Die Anlageinvestitionen der Industrie steigen um 4,5 Prozent, weil die Unternehmen ihre Kapazitäten langsam erweitern.

Und am meisten fallen die erneut steigenden Exporte auf: Sie könnten trotz Eurokrise um fast sechs Prozent zulegen, prognostiziert das Ifo-Institut. Auf 206 Milliarden Euro würde der deutsche Exportüberschuss springen — fast 3000 Euro pro Bundesbürger. Und Deutschland würde mit einem Exportüberschuss von 7,2 Prozent erneut höher liegen als die von der EU für das volkswirtschaftliche Gleichgewicht als unbedenklich gesehene Grenze von sechs Prozent der Wirtschaftsleistung.

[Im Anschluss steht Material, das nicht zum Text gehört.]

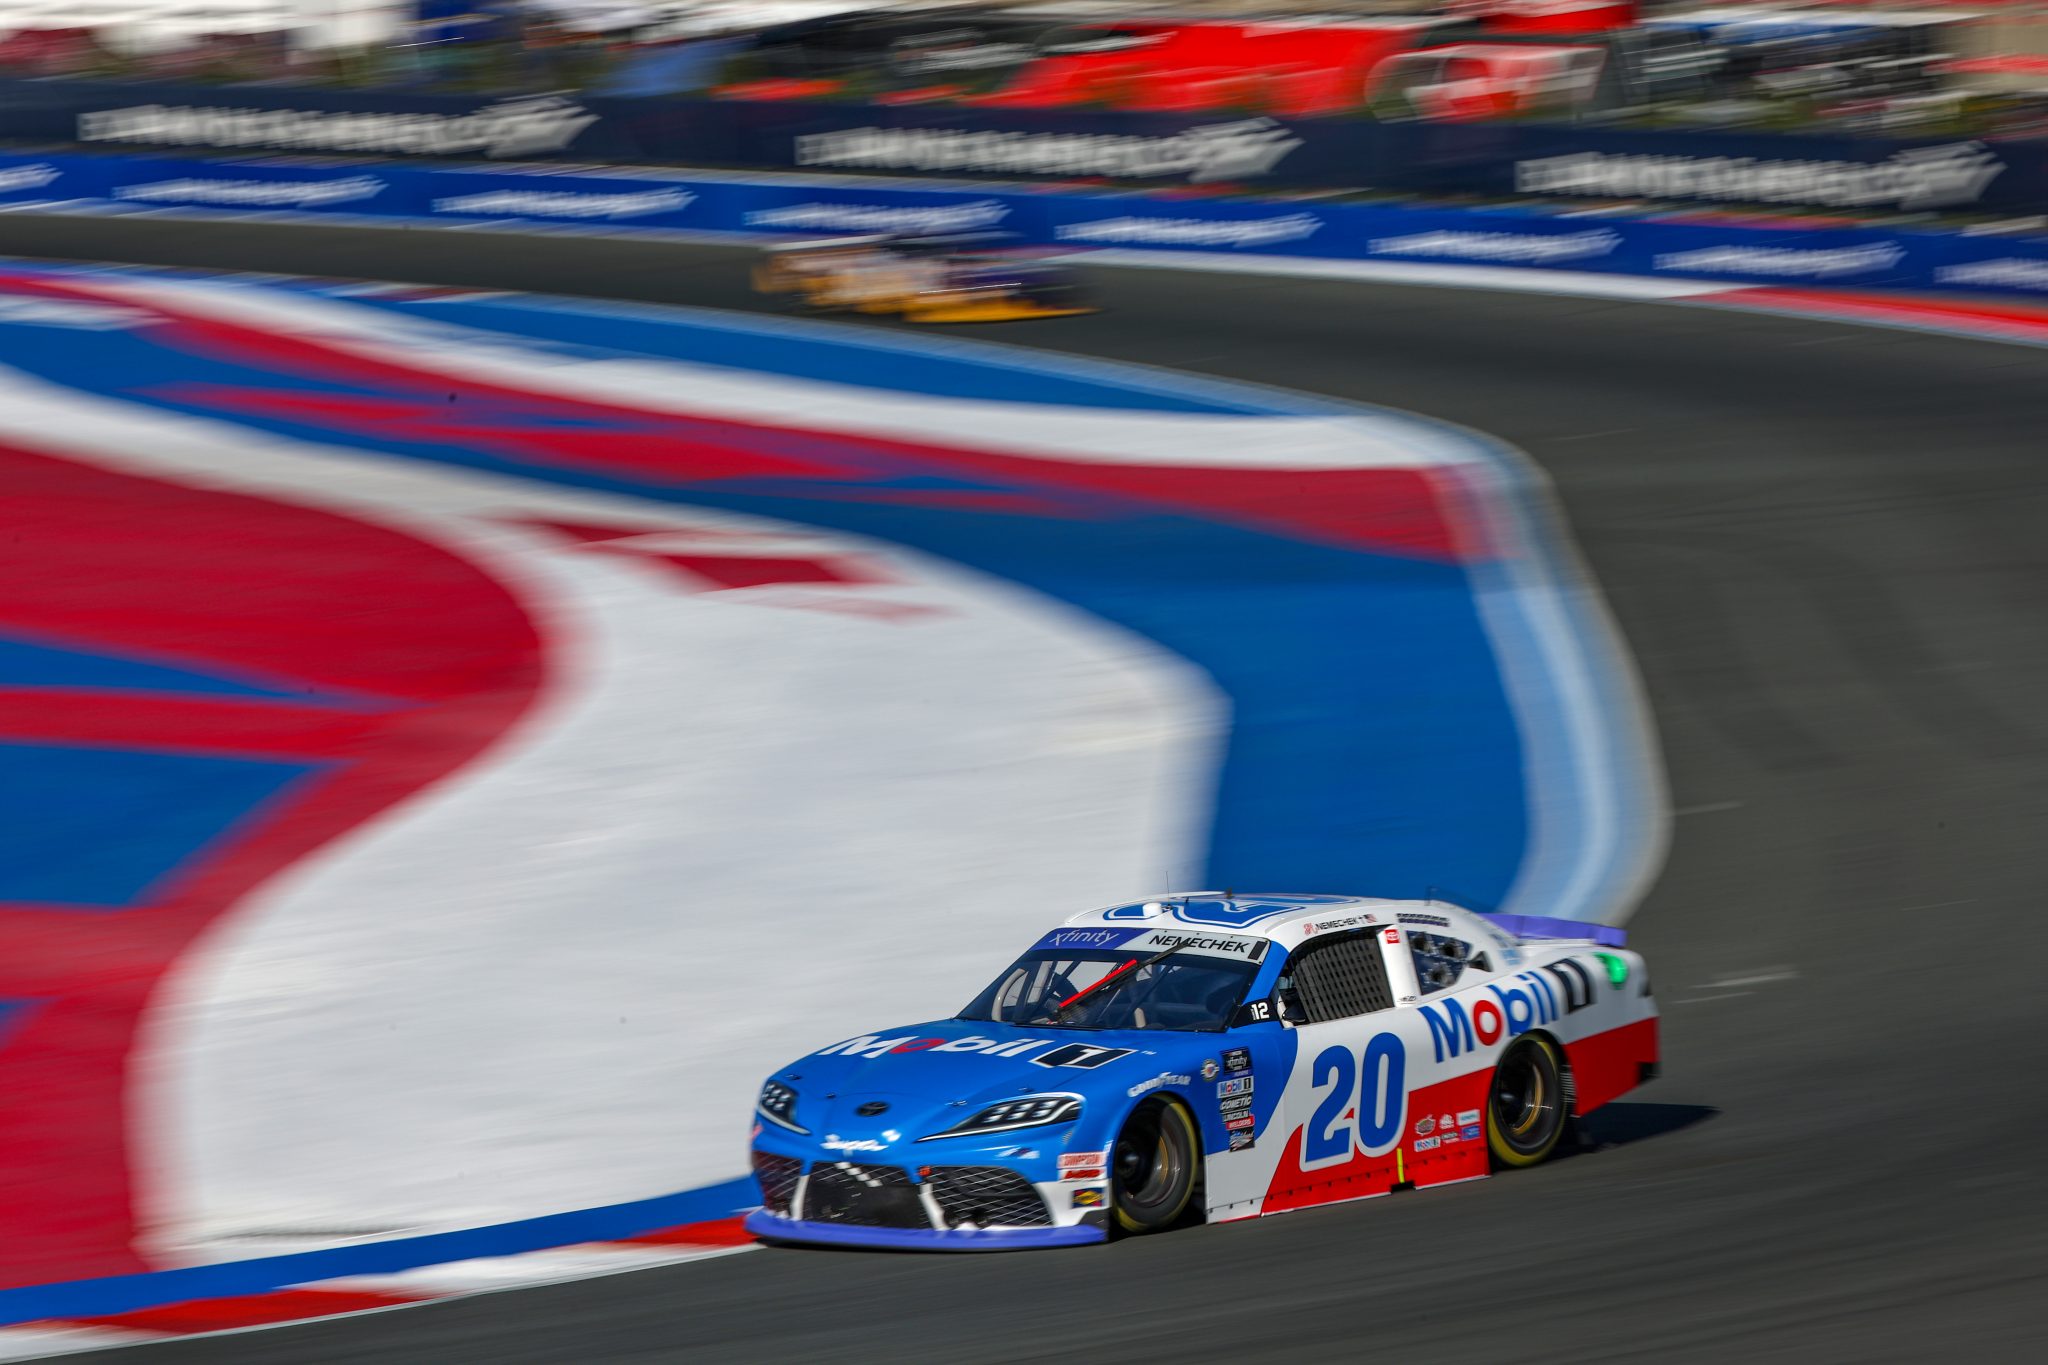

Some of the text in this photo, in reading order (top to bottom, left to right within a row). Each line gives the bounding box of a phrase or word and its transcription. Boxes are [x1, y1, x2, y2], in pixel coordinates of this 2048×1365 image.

[1049, 929, 1120, 947] xfinity
[1149, 935, 1250, 953] NEMECHEK
[1250, 1001, 1270, 1020] 12
[1417, 971, 1558, 1063] Mobil
[816, 1035, 1055, 1058] Mobil
[1304, 1032, 1406, 1163] 20
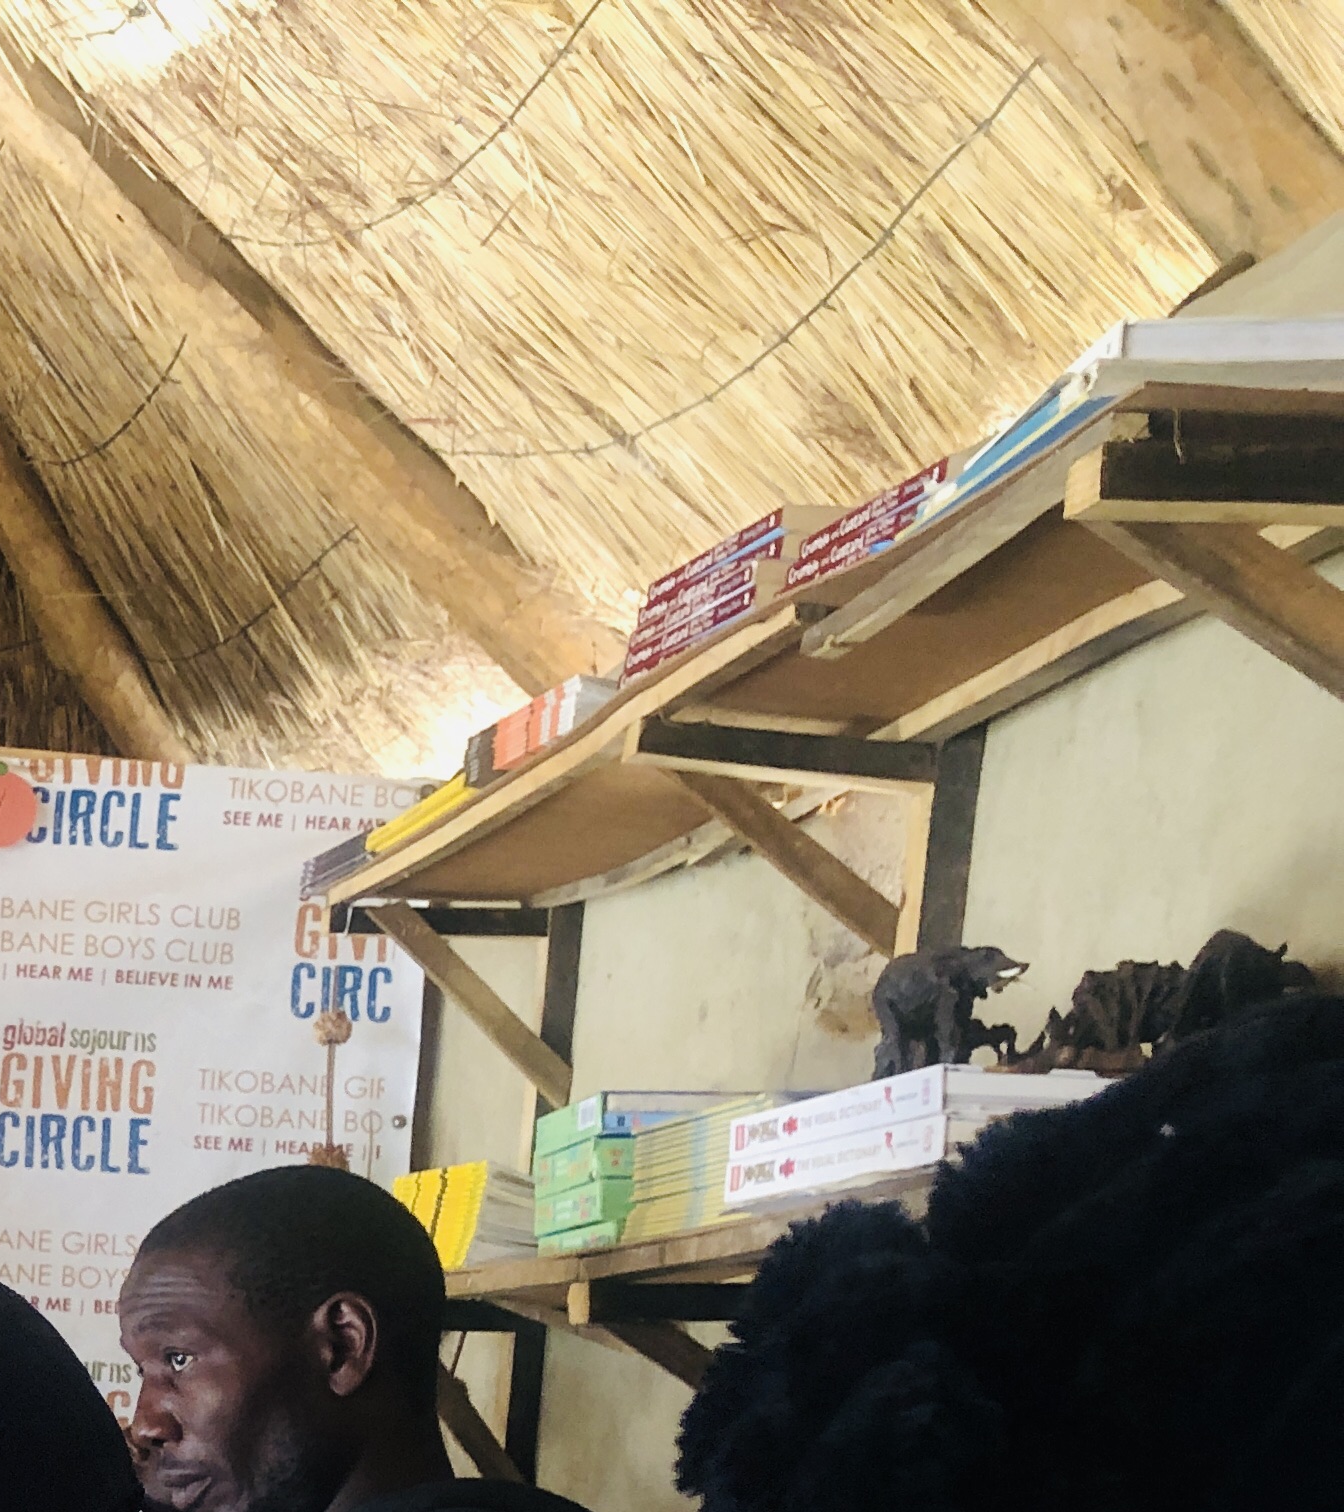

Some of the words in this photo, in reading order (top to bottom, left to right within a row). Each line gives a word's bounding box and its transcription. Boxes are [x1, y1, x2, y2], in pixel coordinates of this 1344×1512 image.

[229, 777, 365, 808] TIKOBANE
[26, 786, 181, 850] CIRCLE
[223, 810, 252, 826] SEE
[257, 813, 283, 828] ME
[305, 814, 352, 831] HEAR
[83, 900, 161, 926] GIRLS
[170, 904, 241, 931] CLUB
[83, 935, 156, 961] BOYS
[164, 938, 235, 965] CLUB
[16, 963, 62, 980] HEAR
[68, 966, 94, 982] ME
[115, 969, 179, 987] BELIEVE
[184, 974, 202, 988] IN
[208, 975, 234, 990] ME
[2, 1017, 65, 1050] global
[69, 1025, 156, 1055] sojourns
[0, 1052, 157, 1115] GIVING
[193, 1135, 222, 1150] SEE
[228, 1137, 254, 1152] ME
[62, 1231, 141, 1257] GIRLS
[45, 1298, 72, 1313] ME
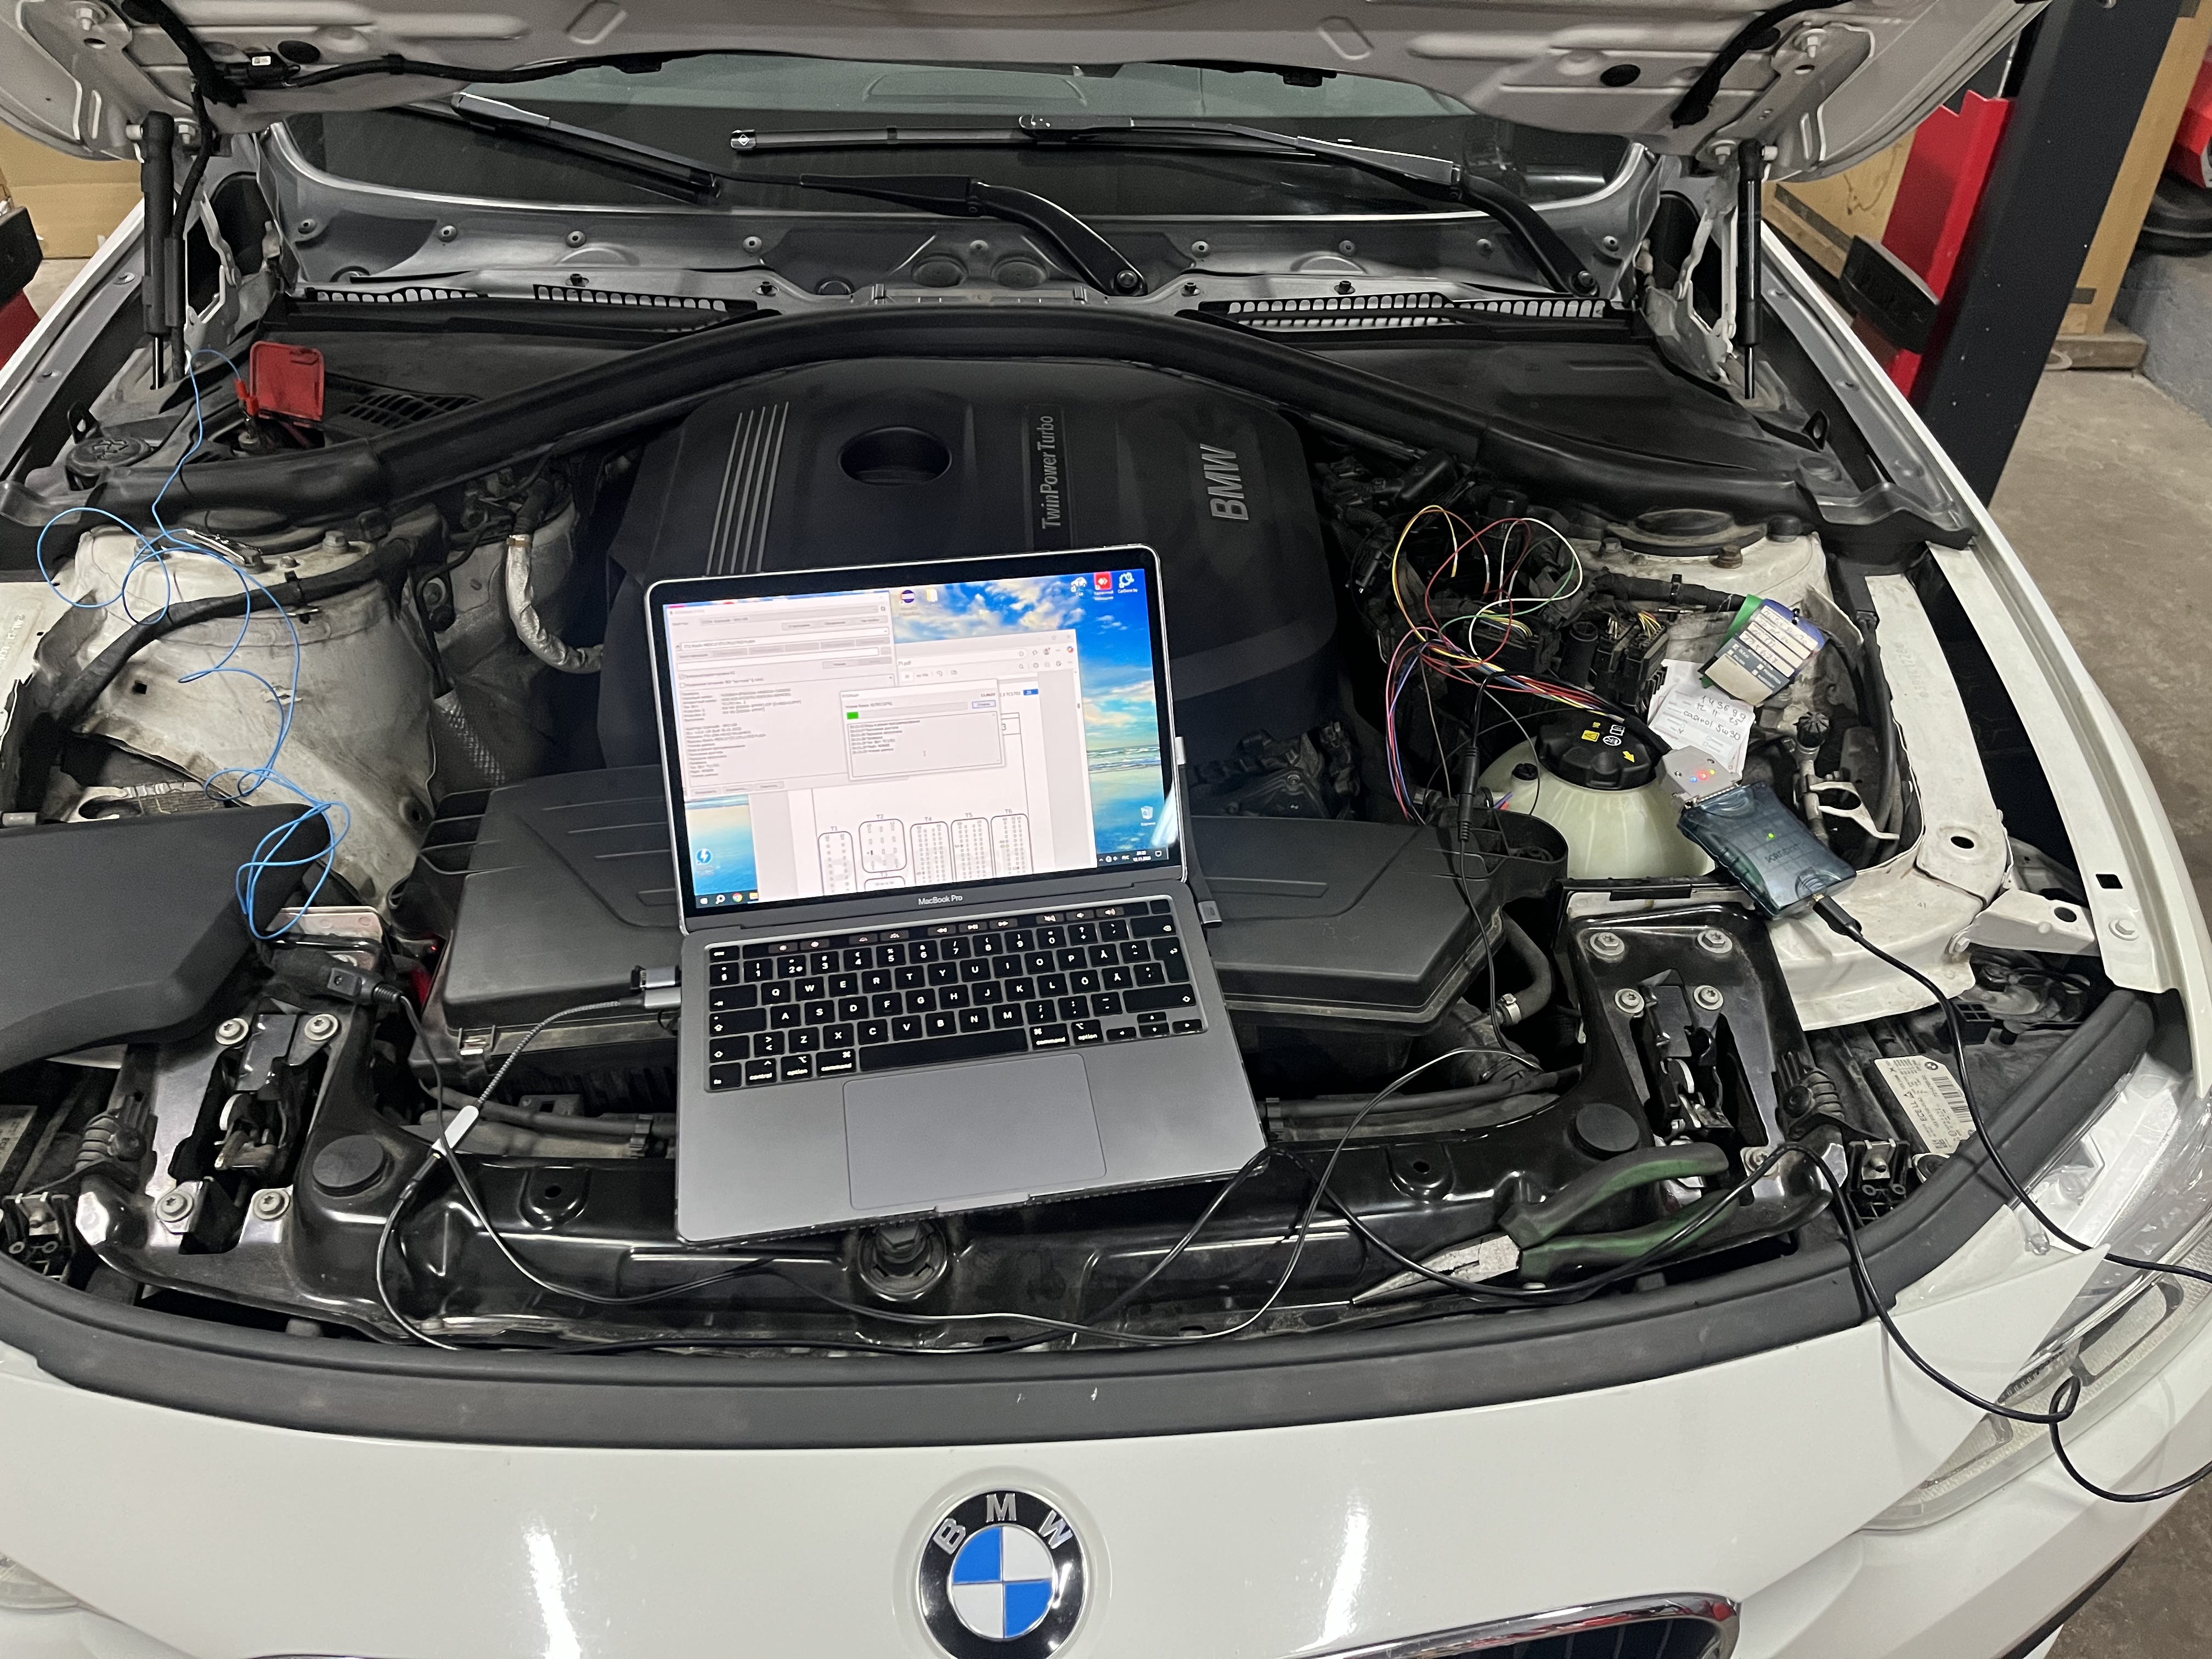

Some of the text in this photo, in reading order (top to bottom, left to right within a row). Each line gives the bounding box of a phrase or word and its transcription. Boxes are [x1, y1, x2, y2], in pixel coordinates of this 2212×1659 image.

Interessanterweise sieht Sinn diese immer weiter wachsenden deutschen Exportüberschüsse aber ähnlich kritisch wie EU und südliche Mitgliedsländer der EU. "Deutschland muss teurer werden, damit der Süden wieder wettbewerbsfähiger wird", konstatiert er nüchtern.

Denn Sinn sieht die Euro-Krise als alles andere als überwunden an. Frankreich "dümpele" nur so dahin, Italien sei "nahezu die Katastrophe". In Spanien habe der Abwärtstrend womöglich sein Ende erreicht, in Griechenland hingegen noch lange nicht — insgesamt schaffe Europa dieses Jahr nur ein Wirtschaftswachstum von 0,7 Prozent.

Richtig gesund seien die Krisenländer erst, wenn sie wieder Überschüsse in der Leistungsbilanz schafften. "Das ist noch ein sehr, sehr weiter Weg", sagte Sinn.

Weil Währungsunion und hohe Verschuldung vielen Euro-Ländern Wachstum schwer machen, plädiert der streitbare Wirtschaftsprofessor für zwei radikale Schritte.

Ausgewählten Ländern sollte der zeitweise Austritt aus dem Euro erlaubt werden. Nach einer faktischen Abwertung könnten sie mehr exportieren und dann zu einem anderen Umtauschverhältnis wieder in den Euro zurückkehren.

Auf einer Schuldenkonferenz für Europa könnten außerdem Kredite getilgt werden. So kommt Sinn auf ein Lieblingsthema zurück: Die Deutschen würden sich mit ihrem Stolz auf die Exportüberschüsse etwas vormachen: Die verkauften Produkte würden sie zu einem großen Teil mit verliehenem Geld bezahlen. Doch die Kredite würden nie ganz zurückgezahlt — also kann man die Kredite auch sofort senken.